*PROBLEM STATEMENT*:
Reproduce all of the data exactly, with no line skipped.
── DATA LISTING
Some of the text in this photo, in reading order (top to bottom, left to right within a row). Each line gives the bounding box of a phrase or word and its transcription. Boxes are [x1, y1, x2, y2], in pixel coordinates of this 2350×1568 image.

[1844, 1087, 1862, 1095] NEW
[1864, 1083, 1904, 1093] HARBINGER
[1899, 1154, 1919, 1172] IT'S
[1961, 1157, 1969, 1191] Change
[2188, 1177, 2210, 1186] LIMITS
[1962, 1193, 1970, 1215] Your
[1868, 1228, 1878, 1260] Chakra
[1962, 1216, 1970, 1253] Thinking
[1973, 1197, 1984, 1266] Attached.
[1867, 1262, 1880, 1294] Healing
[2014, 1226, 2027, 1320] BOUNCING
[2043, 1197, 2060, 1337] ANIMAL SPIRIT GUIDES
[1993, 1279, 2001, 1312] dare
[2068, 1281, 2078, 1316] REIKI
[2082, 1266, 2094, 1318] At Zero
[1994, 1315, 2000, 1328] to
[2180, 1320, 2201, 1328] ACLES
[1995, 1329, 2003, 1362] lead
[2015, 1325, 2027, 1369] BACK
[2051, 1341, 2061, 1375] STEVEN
────
*ANSWER*:
Some of the text in this photo, in reading order (top to bottom, left to right within a row). Each line gives the bounding box of a phrase or word and its transcription. Boxes are [x1, y1, x2, y2], in pixel coordinates of this 2350×1568 image.

[1844, 1087, 1862, 1095] NEW
[1864, 1083, 1904, 1093] HARBINGER
[1899, 1154, 1919, 1172] IT'S
[1961, 1157, 1969, 1191] Change
[2188, 1177, 2210, 1186] LIMITS
[1962, 1193, 1970, 1215] Your
[1868, 1228, 1878, 1260] Chakra
[1962, 1216, 1970, 1253] Thinking
[1973, 1197, 1984, 1266] Attached.
[1867, 1262, 1880, 1294] Healing
[2014, 1226, 2027, 1320] BOUNCING
[2043, 1197, 2060, 1337] ANIMAL SPIRIT GUIDES
[1993, 1279, 2001, 1312] dare
[2068, 1281, 2078, 1316] REIKI
[2082, 1266, 2094, 1318] At Zero
[1994, 1315, 2000, 1328] to
[2180, 1320, 2201, 1328] ACLES
[1995, 1329, 2003, 1362] lead
[2015, 1325, 2027, 1369] BACK
[2051, 1341, 2061, 1375] STEVEN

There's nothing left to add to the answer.